The services covered by Medicare Part A include:
- Short-term inpatient care (whether in a hospital or a skilled nursing facility)
- Hospice care
- Home health care
From day 101 onwards, the cost of care is transferred to the resident and any secondary coverage they may have.
Meanwhile, Medicare Part B begins after Medicare Part A’s coverage ends, and it only reimburses 80% of the HSPCS rate, with the resident being responsible for the remaining 20%. In long-term care facilities, Medicare Part B covers therapy services, including:
- Physical therapy
- Occupational therapy
- Speech-language pathology
In general, it can cover a wide range of services, such as clinical research, ambulance services, durable medical equipment, mental health services, and limited outpatient prescription drugs. These two (Medicare Part A and Part B) are worth fully understanding as they are a part of SNF consolidated billing.
Accurate billing is crucial for SNFs to avoid unnecessary penalties. Therefore, if SNFs want to improve their billing processes, they should follow the guidance set by the Department of Health and Human Services and keep these key points in mind:
- Discharge dates, death dates, or the start of a Leave of Absence are not considered utilization days for billing purposes.
- If a Medicare recipient is discharged and returns to the facility on the same day before midnight, it is not considered a discharge by Medicare.
- The HIPPS rate code on a billing claim must align with the assessment approved by the state where the long-term care facility operates.

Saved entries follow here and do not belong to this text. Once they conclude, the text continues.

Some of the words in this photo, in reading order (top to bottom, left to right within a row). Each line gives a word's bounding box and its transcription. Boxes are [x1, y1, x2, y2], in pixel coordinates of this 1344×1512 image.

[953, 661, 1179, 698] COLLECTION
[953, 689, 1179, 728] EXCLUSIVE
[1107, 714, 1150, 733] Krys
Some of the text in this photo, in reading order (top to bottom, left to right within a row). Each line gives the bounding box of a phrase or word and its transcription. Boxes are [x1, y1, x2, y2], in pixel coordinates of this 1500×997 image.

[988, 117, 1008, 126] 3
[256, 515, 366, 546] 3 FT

By following the above tips, SNF administrators can ensure they are meeting the required regulations to maximize their reimbursements for services rendered.
The Future of SNF Billing
As the healthcare industry evolves, SNFs face new challenges, such as having to care for residents with higher acuity levels. This shift will impact SNF billing, and administrators and accounting staff must be prepared to ensure the billing process remains accurate.
These residents will require more intense medical attention, including additional treatments and procedures, which will lead to higher costs for the facility. This means that the billing process will need to be more precise and accurate to ensure that SNFs are properly reimbursed for the care they provide.
SNFs will also need to adapt to the new resident population by making changes to their staffing models. With higher acuity residents, SNFs will need more specialized staff and more hands-on care. This will increase the need for more nursing hours, which will, in turn, increase the cost of staffing.
To prepare for the changes ahead, SNFs must focus on updating their billing processes to ensure they are in line with current regulations and standards. One of the best ways to do so is to implement effective senior care software with financial features, staff training on billing processes, and review current policies and procedures to identify areas for improvement.